- [REQUIRED WORK]:
Write out the line with "Some of the text" and every later line through the end of the data below, exactly as given, with no pictures in the copy.

(Referring expression grounding data)
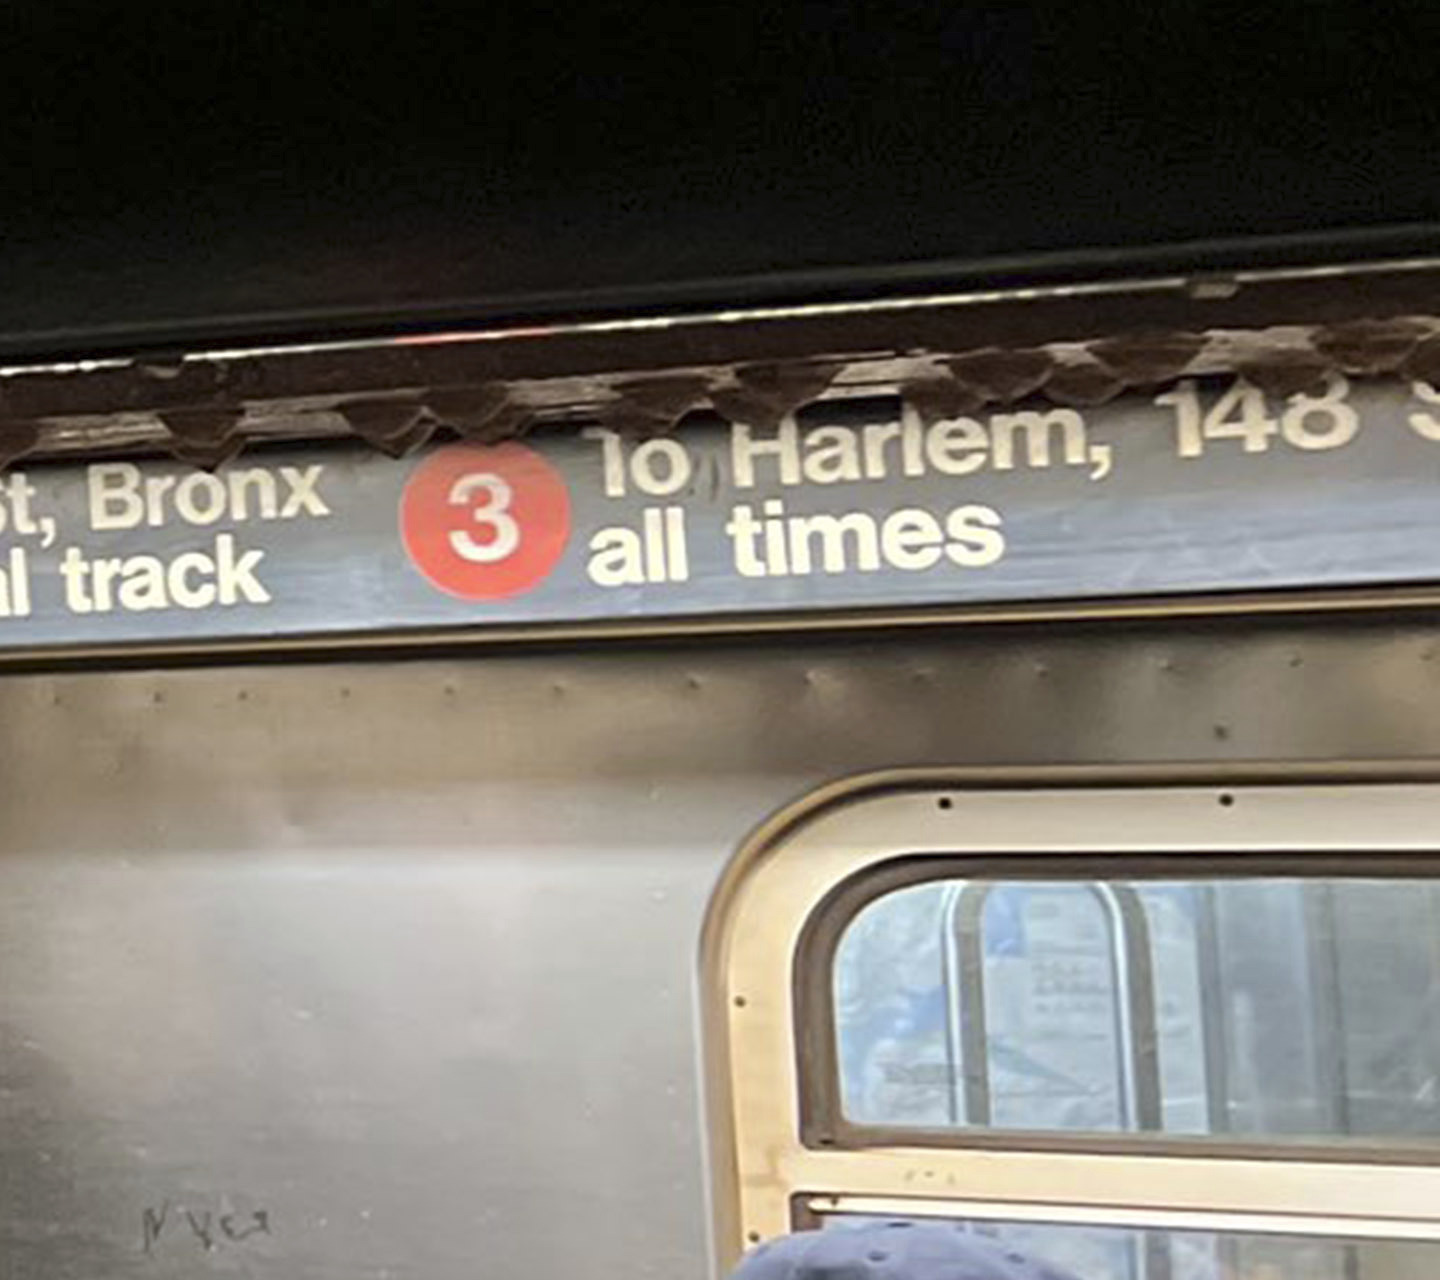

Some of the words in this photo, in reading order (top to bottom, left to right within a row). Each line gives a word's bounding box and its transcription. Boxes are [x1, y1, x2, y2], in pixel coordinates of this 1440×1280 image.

[586, 426, 693, 498] To
[732, 396, 1114, 489] Harlem,
[1154, 371, 1360, 457] 148
[87, 461, 331, 531] Bronx
[447, 472, 523, 565] 3
[587, 506, 689, 588] all
[726, 498, 1007, 578] times
[59, 534, 272, 614] track
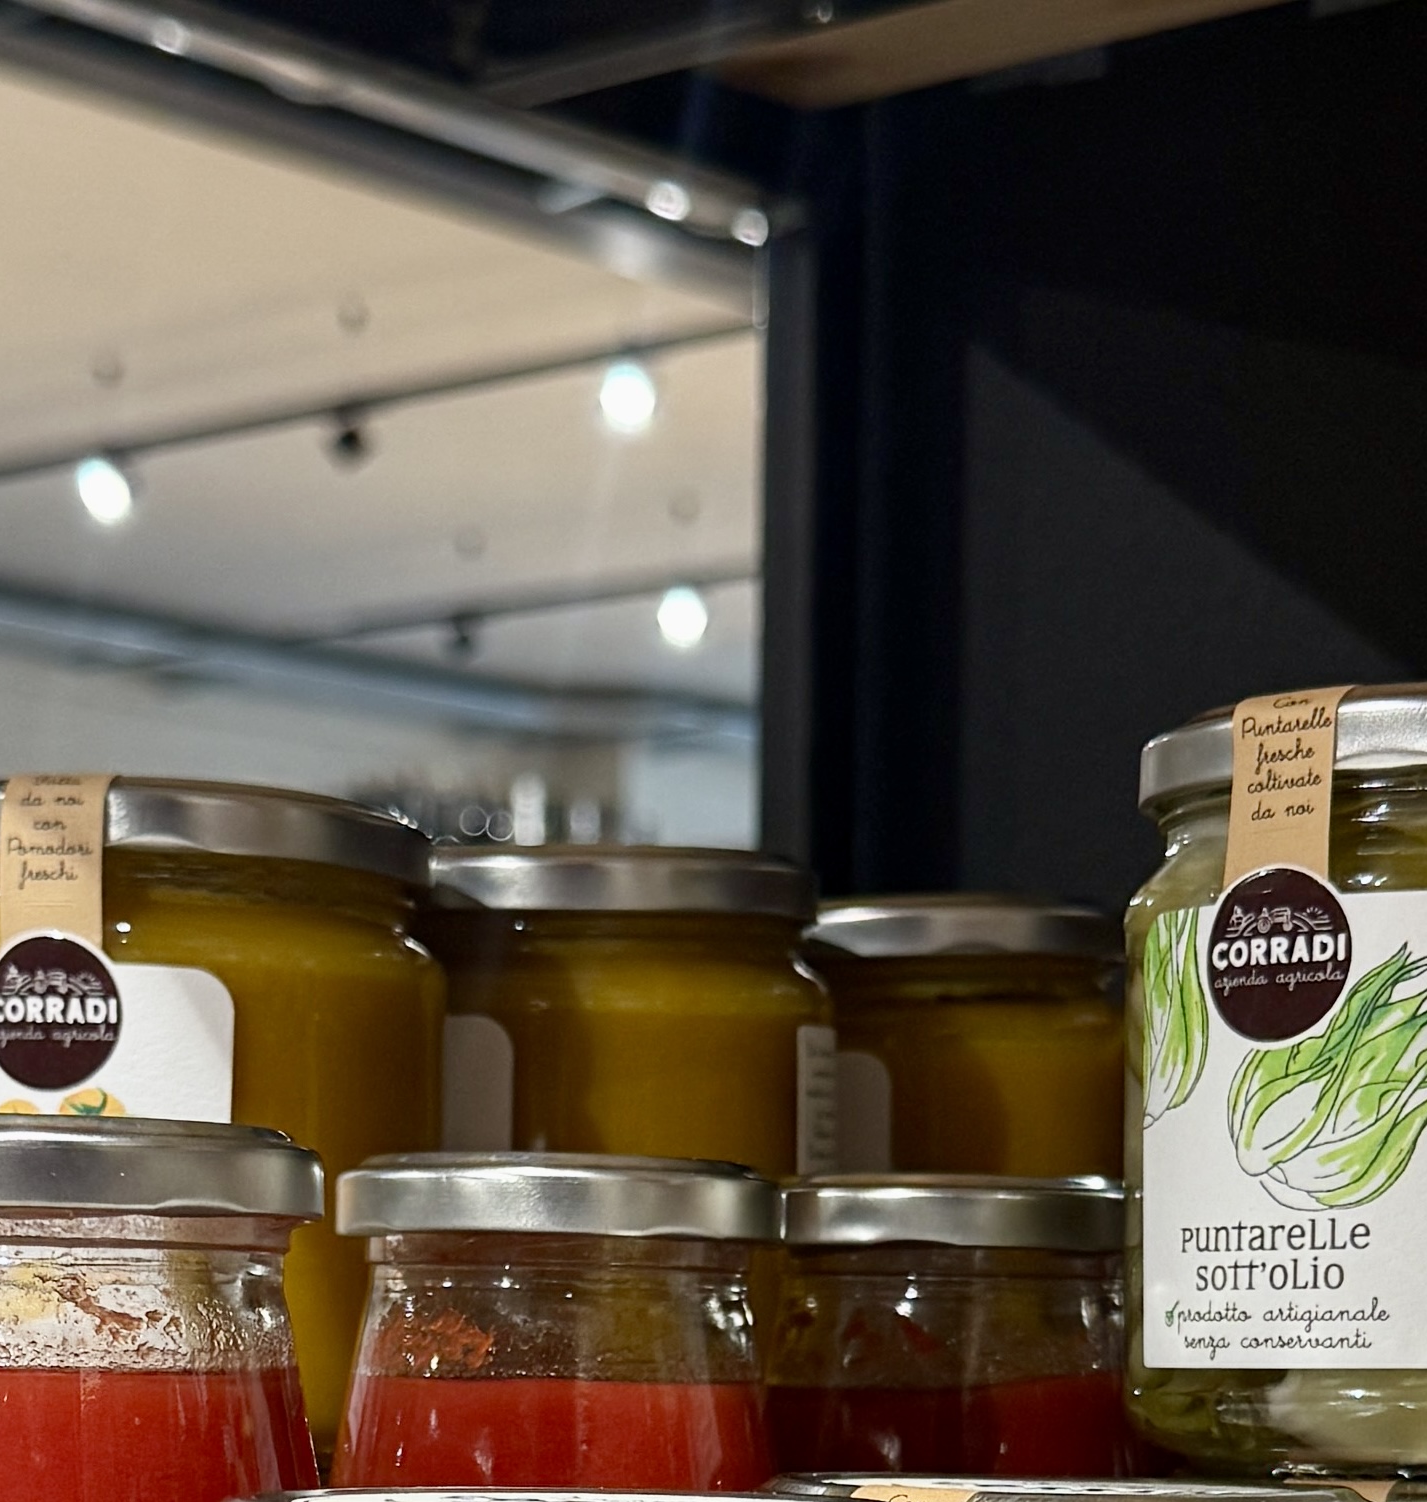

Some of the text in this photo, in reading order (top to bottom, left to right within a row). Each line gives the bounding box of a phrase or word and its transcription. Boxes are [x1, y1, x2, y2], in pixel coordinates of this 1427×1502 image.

[1241, 707, 1332, 739] Puntarelle
[1254, 738, 1315, 775] fresche
[1247, 767, 1322, 794] coltivate
[1251, 800, 1314, 822] da noi
[1211, 932, 1347, 970] CORRADI
[1214, 961, 1345, 996] azienda agricola
[1177, 1296, 1390, 1335] prodotto artigianale
[1184, 1328, 1373, 1360] senza conservanti
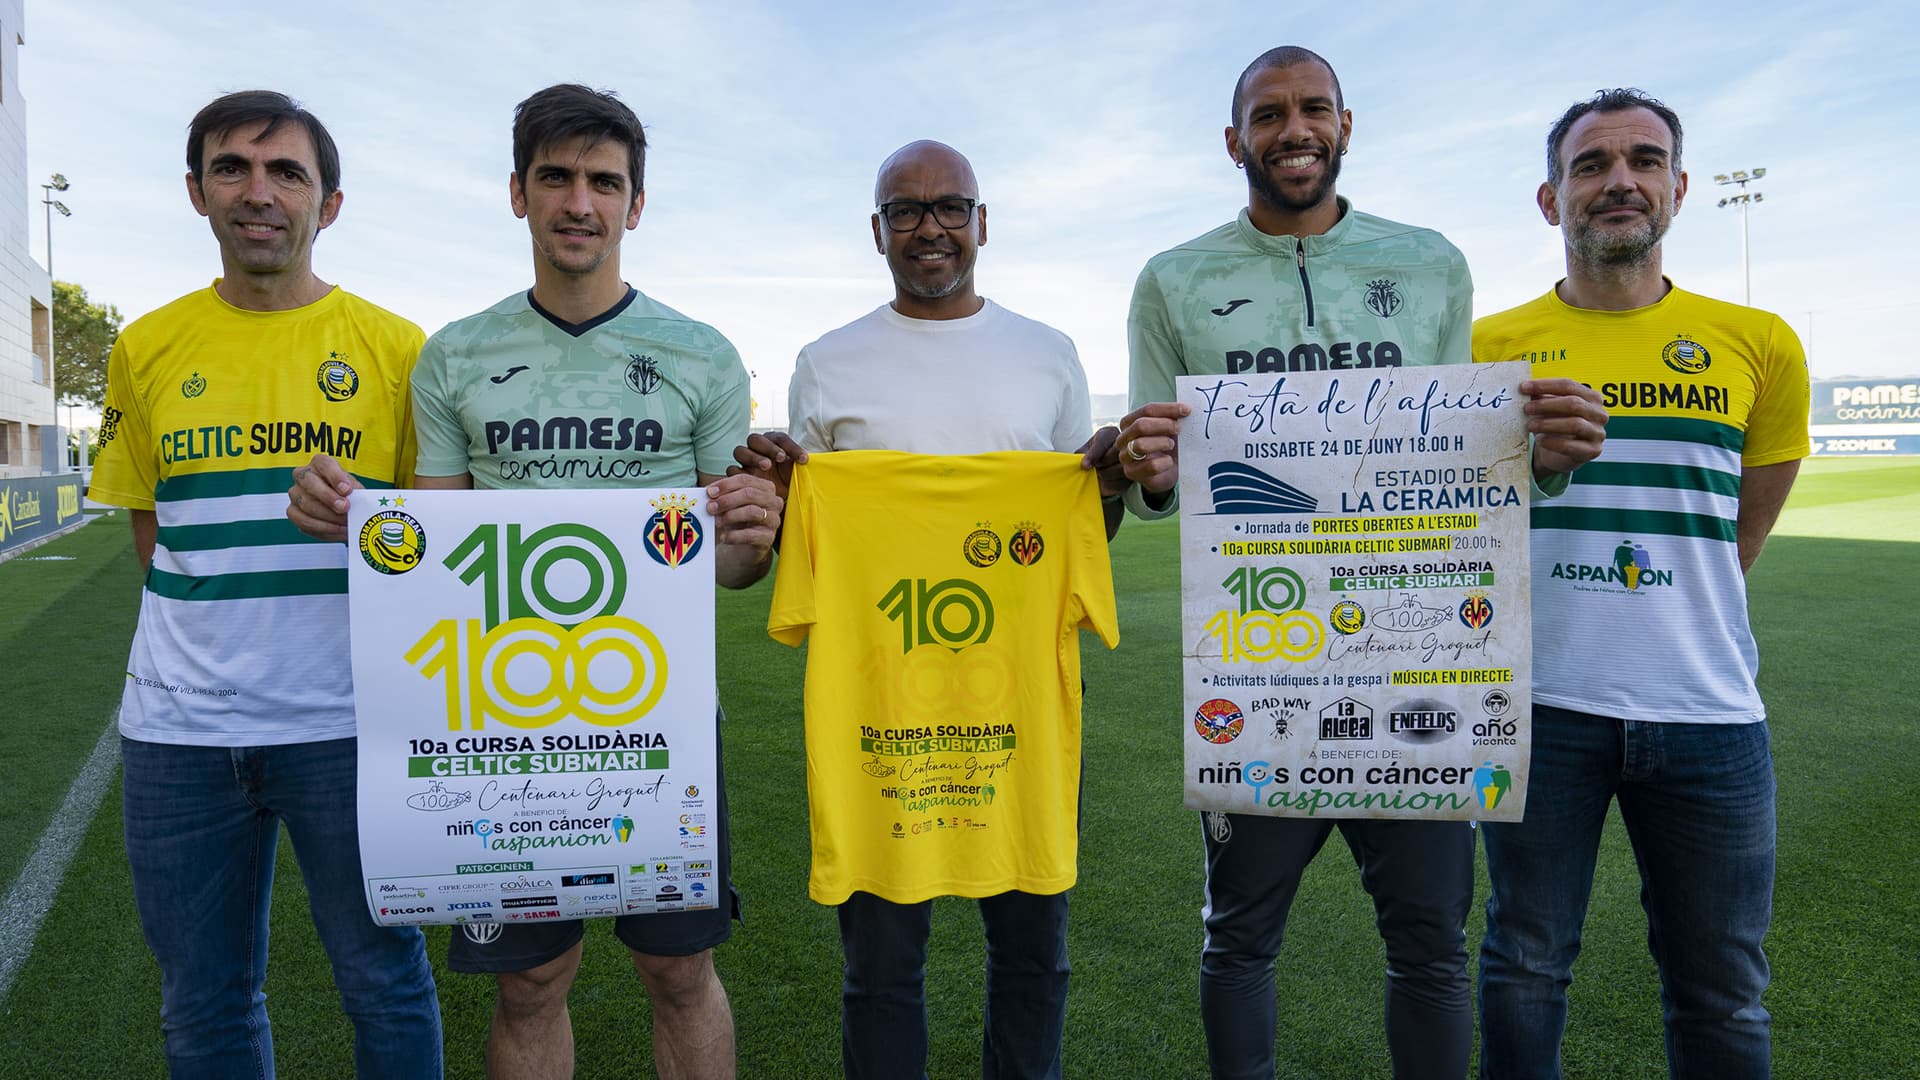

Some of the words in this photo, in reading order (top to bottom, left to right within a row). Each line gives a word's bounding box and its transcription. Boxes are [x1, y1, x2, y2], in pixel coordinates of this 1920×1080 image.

- [TASK ANSWER]:
Some of the text in this photo, in reading order (top to bottom, left to right within a row). Each line gives the bounding box of a phrase or word and its transcription. Boxes are [x1, y1, x2, y2], in pixel coordinates of this 1427×1502 image.

[1241, 707, 1332, 739] Puntarelle
[1254, 738, 1315, 775] fresche
[1247, 767, 1322, 794] coltivate
[1251, 800, 1314, 822] da noi
[1211, 932, 1347, 970] CORRADI
[1214, 961, 1345, 996] azienda agricola
[1177, 1296, 1390, 1335] prodotto artigianale
[1184, 1328, 1373, 1360] senza conservanti

Some of the words in this photo, in reading order (top to bottom, left to right within a row). Each line gives a word's bounding box and its transcription. Boxes are [x1, y1, x2, y2], in pixel coordinates of this 1920×1080 image.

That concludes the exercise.